An die akademisch interessierten Mitglieder der SPD

Der Koalitionsvertrag, über dessen Annahme die SPD-Mitglieder ab dem 20. Februar zu entscheiden haben, äußert sich – unauffällig und leicht zu übersehen – auch zum Thema Hochschule. Allen Mitgliedern, deren Herz für diesen wachsenden Bereich schlägt, bietet der Abschnitt Anhaltspunkte, Ja oder Nein zu sagen. Unser Eindruck ist: Die SPD-Führung hat hier wie im gesamten Vertrag bescheidene Erfolge erreicht, vage mehr versprochen und keine neue Idee.

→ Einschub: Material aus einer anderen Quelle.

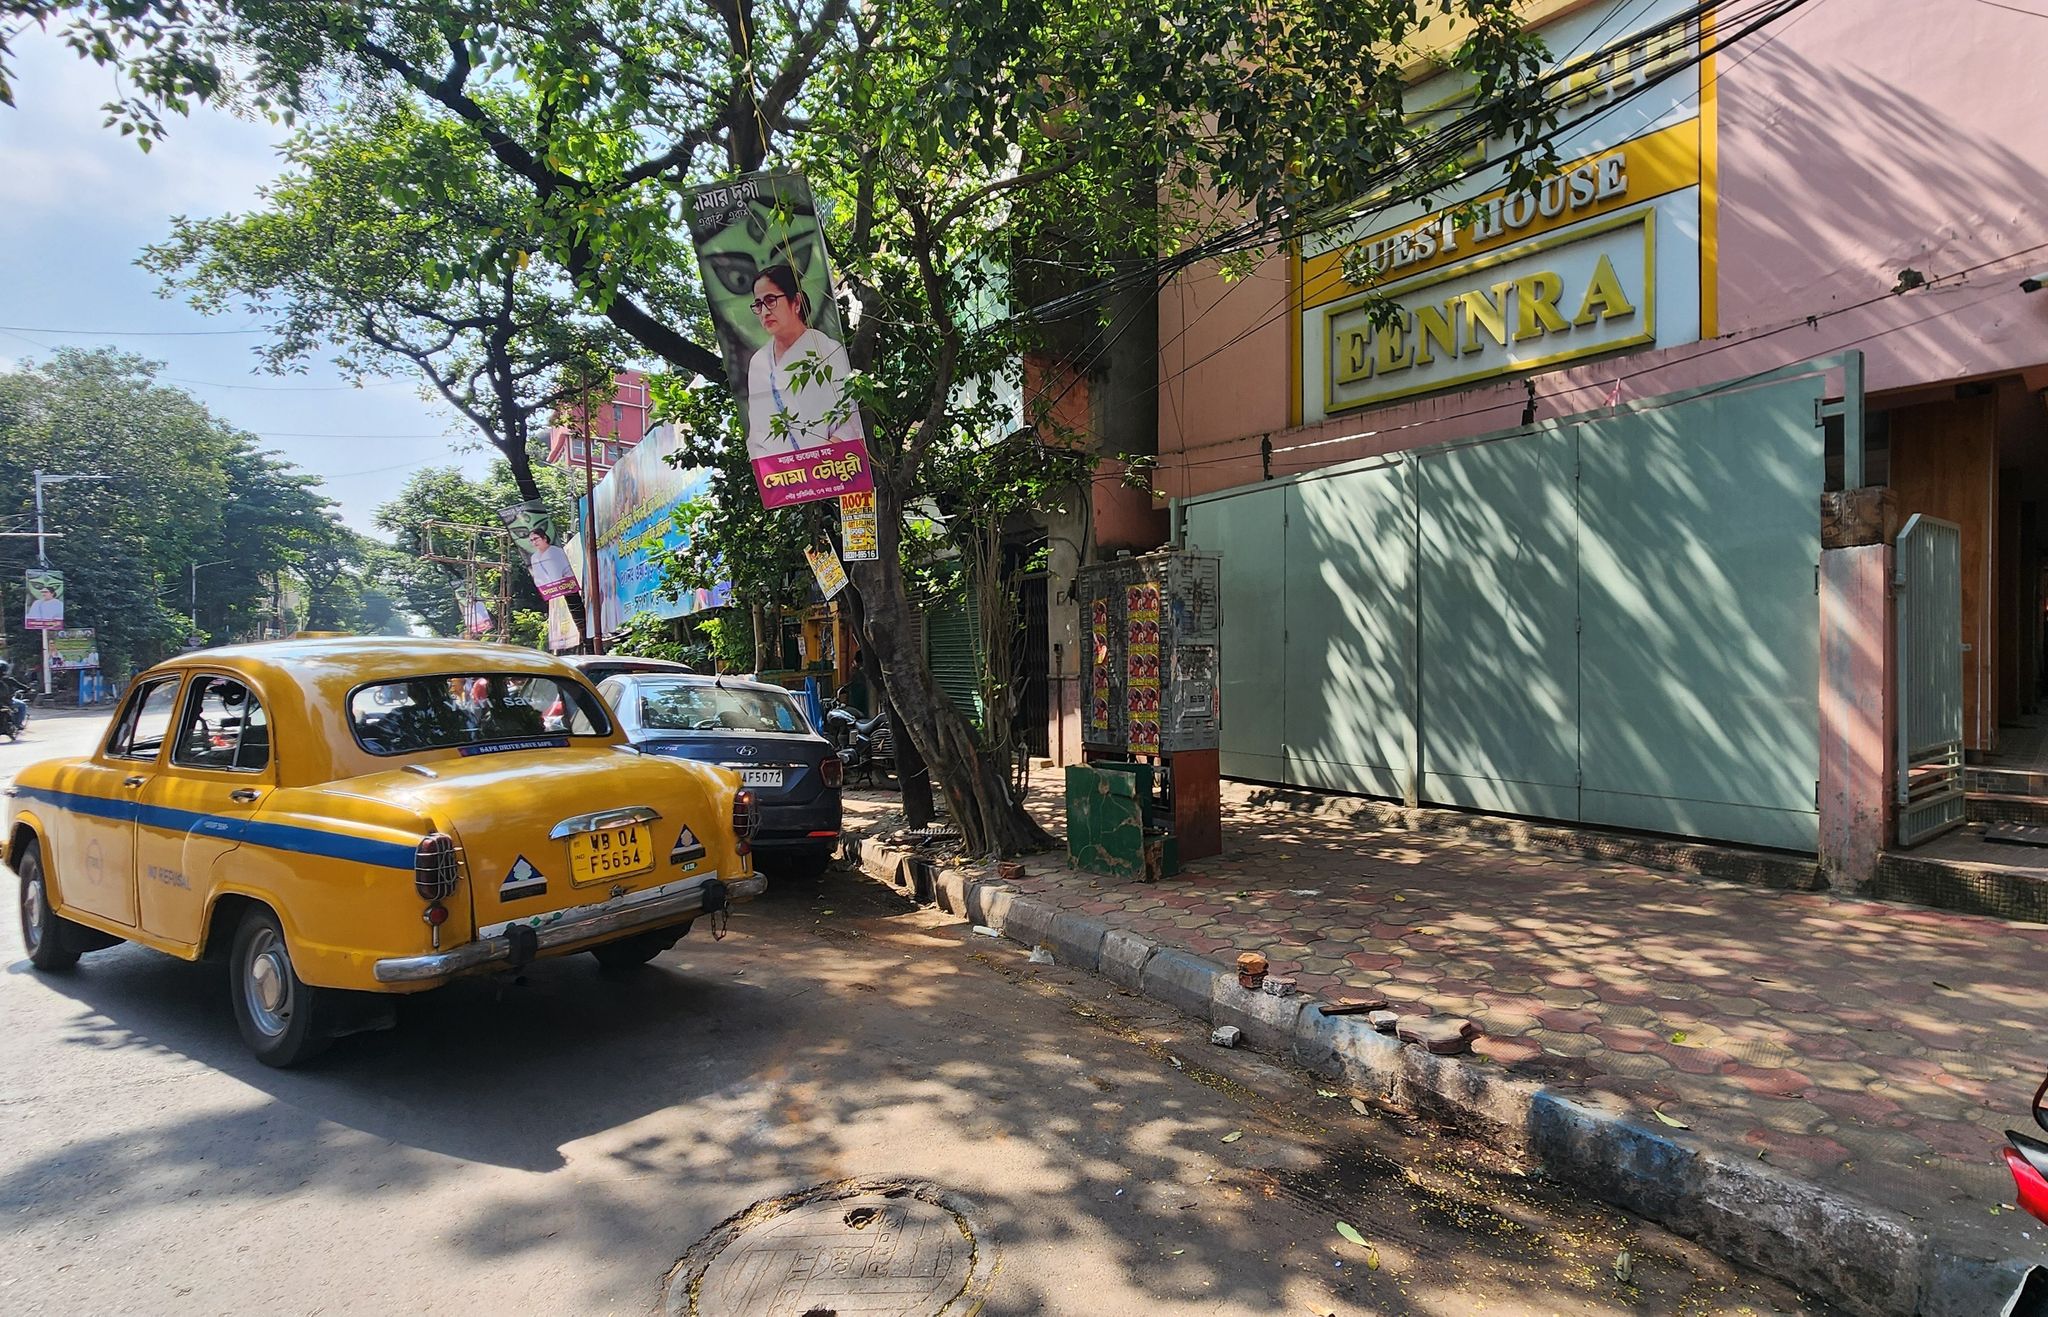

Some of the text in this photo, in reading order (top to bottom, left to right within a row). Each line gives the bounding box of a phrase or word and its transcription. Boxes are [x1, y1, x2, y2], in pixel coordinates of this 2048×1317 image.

Als Erfolg muss wohl gelten, dass der Koalitionsvertrag die bestehenden Bundeszuschüsse, zumal den Hochschulpakt verstetigt – bei weiter steigenden Studierendenzahlen. (Das Niveau wird nicht einmal gehalten, da die Unterstützung im Hochschulbau wegfällt.) Die miserablen Betreuungsrelationen dürften damit nicht zu heilen sein. Das Verhältnis Studierende pro Professur hat sich zwischen den Jahren 2005 und 2015 von 1:62 auf 1:73 verschlechtert, das der Studierenden pro Mitarbeiterstelle von 16,1 auf 17,6. Gute Studienbedingungen sehen anders aus. Zudem ist nicht absehbar, dass sich akademische Arbeitsverhältnisse erträglich gestalten lassen, wenn Lehr- und Forschungsbelastung des zunehmend befristeten Personals ständig anwachsen – aber das gehört bereits in die Rubrik vage Versprechen.

Als einzige konkrete Maßnahme, um die „Karrierewege in der Wissenschaft attraktiv zu halten“, wird angekündigt: „Wir wollen […] die Evaluationsergebnisse der letzten Novelle des Wissenschaftszeitvertrags auswerten.“ Offen bleibt, was daraus für „gute Arbeit in der Wissenschaft“ folgt – und was an den Karrierewegen bisher attraktiv gewesen sein soll (die GEW spricht hier von ‚blankem Zynismus’). Dass mittlerweile fünf Habilitierte auf eine Professur kommen, dass vor dieser und anderen Qualifikationen für die seltene Dauerstelle zahlreiche kurzfristige Verträge stehen, dass weit über 80% des wissenschaftlichen Personals an Hochschulen in solchen befristeten Verhältnissen arbeiten und unter dem novellierten Gesetz nicht leichter Anstellung finden, kann man bereits jetzt sehen. Auch die entsprechende Überlastung der Professuren ist bekannt und wird zunehmend empirisch belegt. Hier wären bei beispiellos gefüllten Steuerkassen endlich Handlungen nötig, nicht weitere Aufschubaktionen.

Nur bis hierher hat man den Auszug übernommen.